The disadvantage of this known invention as well as the previously cited, is the high pressure in the diamond synthesis reactor - 200-400 atm, which is the reason for the dangerous production and use of complex hardware design.

A known method for the synthesis of diamonds from the gas phase of CH ₄ and H ₂ , we have chosen as a prototype, using metals as catalysts for the synthesis of diamonds. To implement the method, a crucible with a base and metal installed in it for the synthesis of diamonds, such as Fe, Ni, etc. or their alloys are placed in a vacuum container. The crucible is heated to a temperature of 400-1000 ° C together with the base contained therein, the catalytic metal and mixed gases CH ₄ and H ₂ . In the crucible, metal vapors of the order of 0.1-10% per mol of CH _{4 are formed} . In the reaction zone, where metal vapors and ionized gases are present, a high-frequency electric field is created between the crucible and the base. Mixed gases CH ₄ and H ₂ are fed into the crucible from a cylinder, where these gases are under pressure in the range of 10 <-4> -10 Torr (mmHg) (Patent No. JP 59018197 (A) - 1984-01-30 , DOI AKIRA; YOSHIOKA TAKESHI; FUJIMORI NAOMARU; SUMITOMO ELECTRIC INDUSTRIES).

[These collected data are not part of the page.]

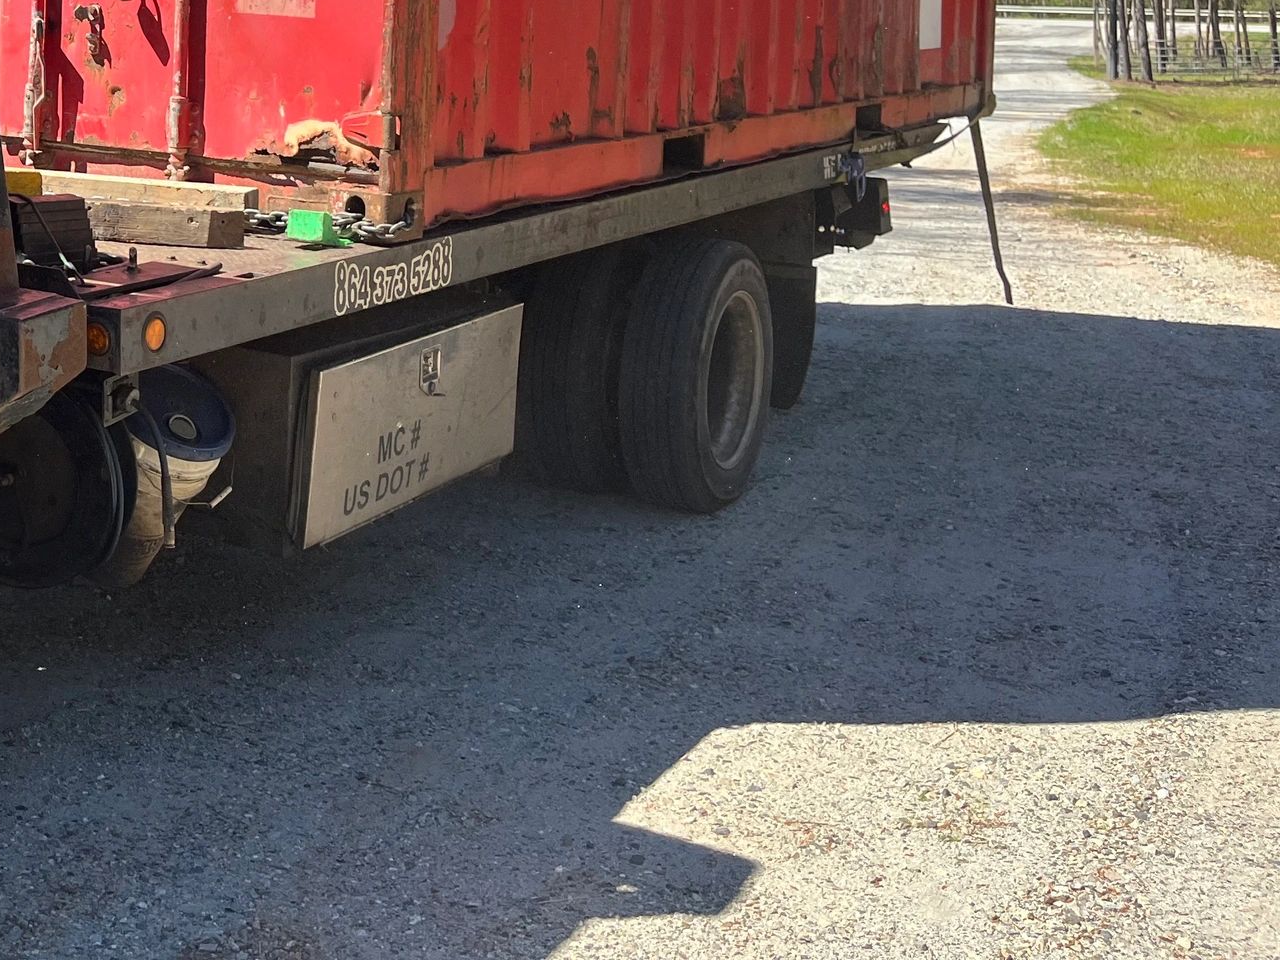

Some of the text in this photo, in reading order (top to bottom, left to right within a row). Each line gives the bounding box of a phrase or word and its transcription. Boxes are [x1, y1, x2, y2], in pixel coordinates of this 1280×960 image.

[334, 235, 453, 316] 864 373 5288
[377, 426, 405, 465] MC
[343, 479, 371, 516] US
[375, 458, 417, 502] DOT
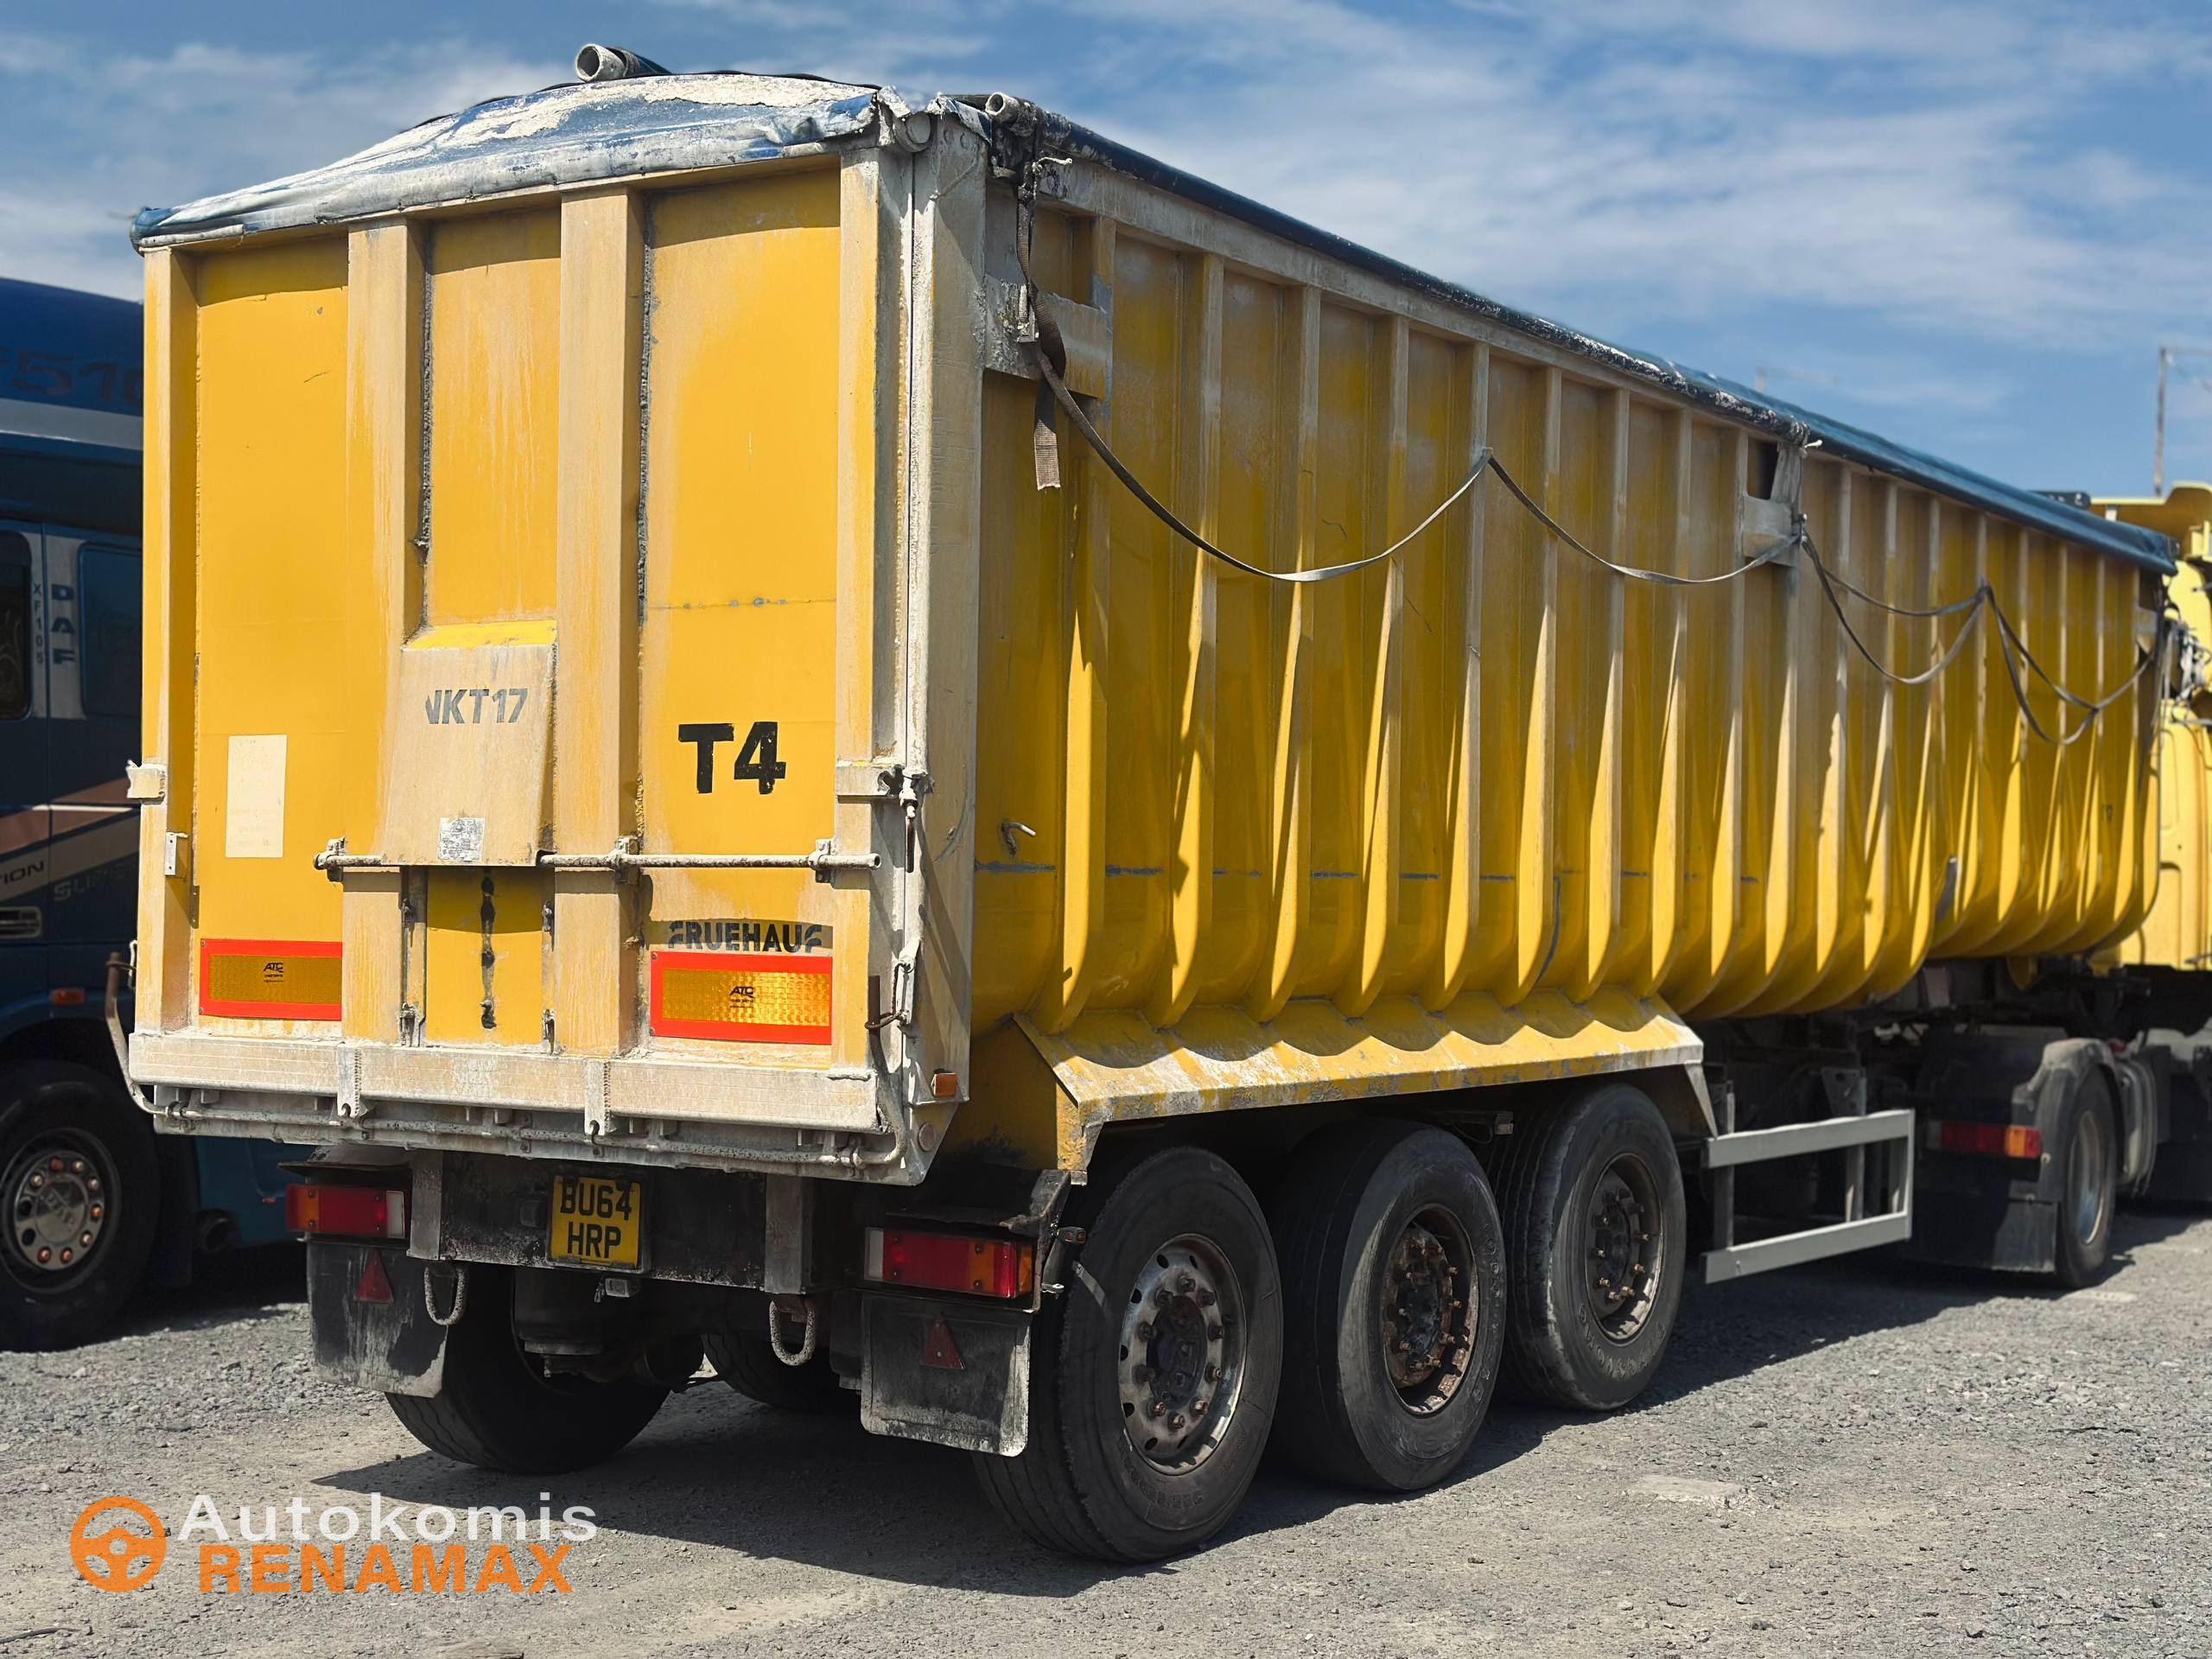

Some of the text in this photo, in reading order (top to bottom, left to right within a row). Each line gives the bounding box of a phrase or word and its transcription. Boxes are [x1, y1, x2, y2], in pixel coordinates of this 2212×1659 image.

[52, 583, 76, 665] DAF
[678, 721, 786, 794] T4
[0, 861, 44, 886] ION
[263, 963, 284, 974] ATC
[729, 986, 755, 999] ATC
[560, 1180, 632, 1221] BU64
[567, 1221, 622, 1259] HRP
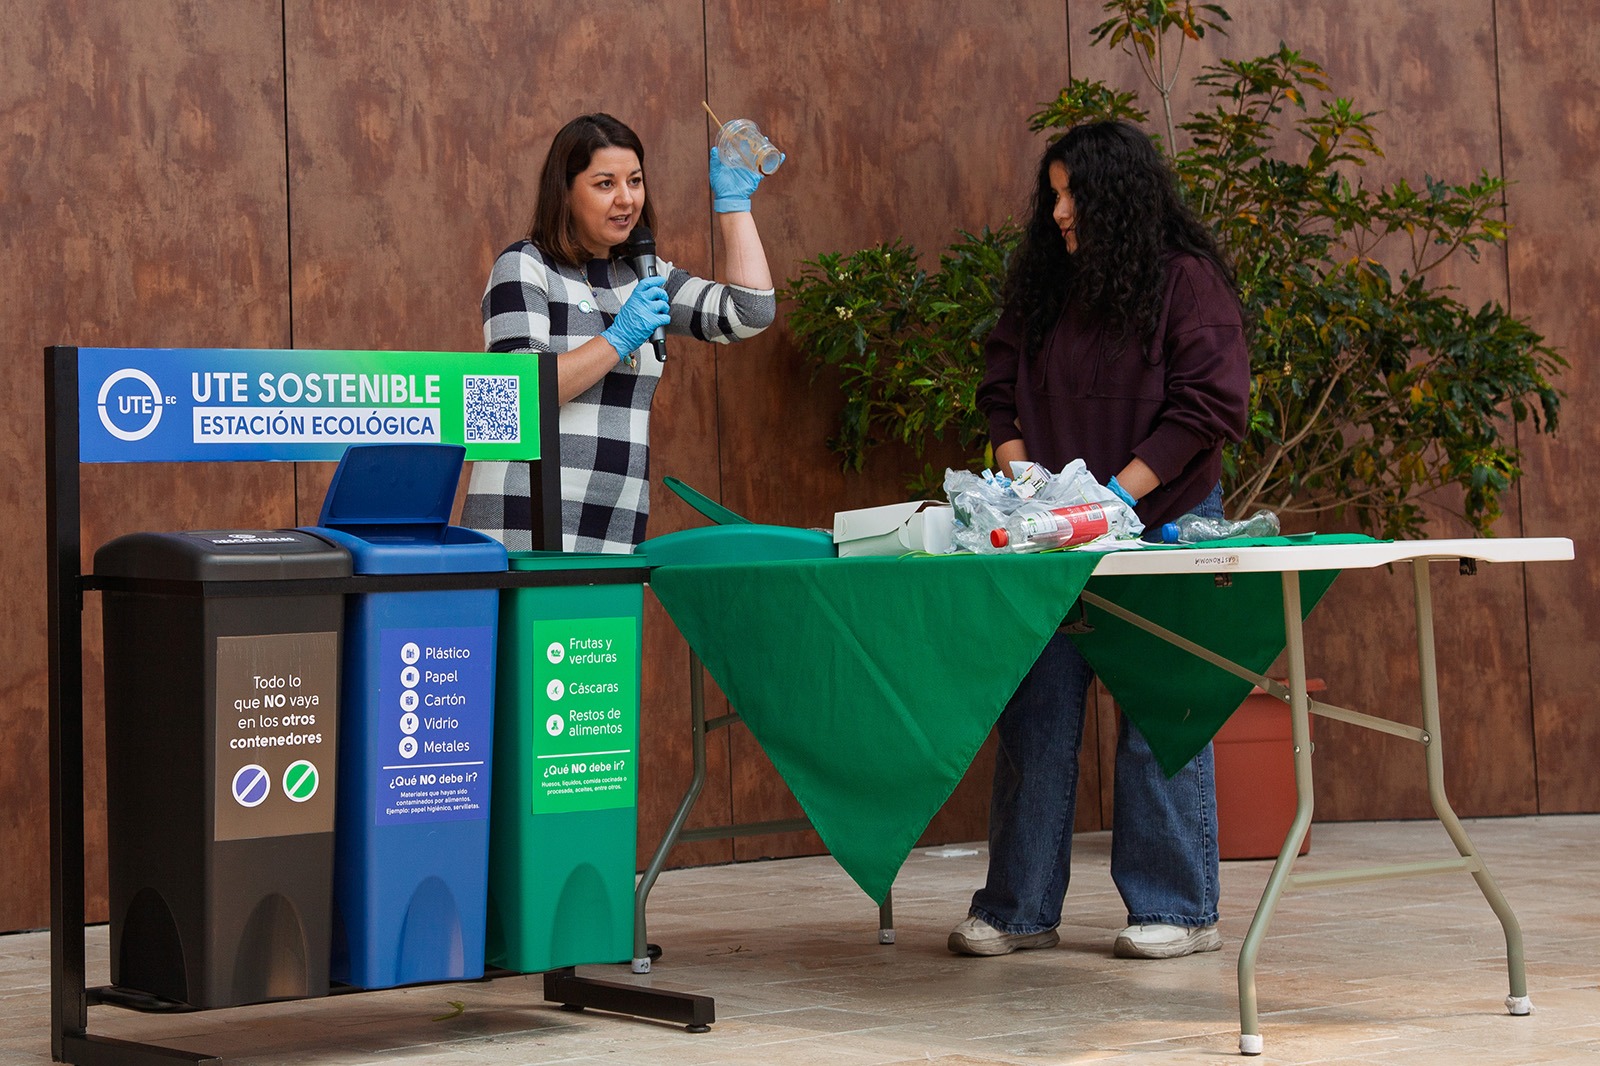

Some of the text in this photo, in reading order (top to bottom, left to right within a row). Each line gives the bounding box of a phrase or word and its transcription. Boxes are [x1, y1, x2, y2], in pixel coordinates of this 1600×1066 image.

[192, 372, 440, 404] UTE SOSTENIBLE
[118, 395, 152, 415] UTE
[166, 396, 177, 405] EC
[200, 410, 435, 435] ESTACIÓN ECOLÓGICA
[569, 638, 612, 652] Frutas y
[425, 647, 470, 659] Plástico
[569, 652, 617, 664] verduras
[253, 674, 301, 689] Todo lo
[425, 670, 458, 685] Papel
[569, 682, 619, 694] Cáscaras
[234, 692, 320, 712] que NO vaya
[424, 694, 466, 706] Cartón
[238, 713, 316, 728] en los otros
[570, 708, 621, 721] Restos de
[424, 717, 458, 729] Vidrio
[569, 722, 622, 736] alimentos
[230, 732, 322, 749] contenedores
[424, 740, 470, 753] Metales
[543, 760, 624, 778] ¿Qué NO debe ir?
[389, 772, 478, 789] ¿Qué NO debe ir?

The disadvantages of this invention are:

1. Complex hardware design;

2. The use of hydrogen can create an explosive situation.

The objectives of the proposed synthesis of diamonds are:

- simplification of the process;

- simplification of hardware design;

- elimination of excess pressure in the reactor (crucible high-frequency induction furnace);

- reduction of capital costs for the implementation of the method of synthesis of diamonds in production;

- reduction of operating costs in the production of synthetic diamonds;

- reduction in the cost of synthetic diamonds;

- elimination of dangerous and harmful conditions for the production of synthetic diamonds.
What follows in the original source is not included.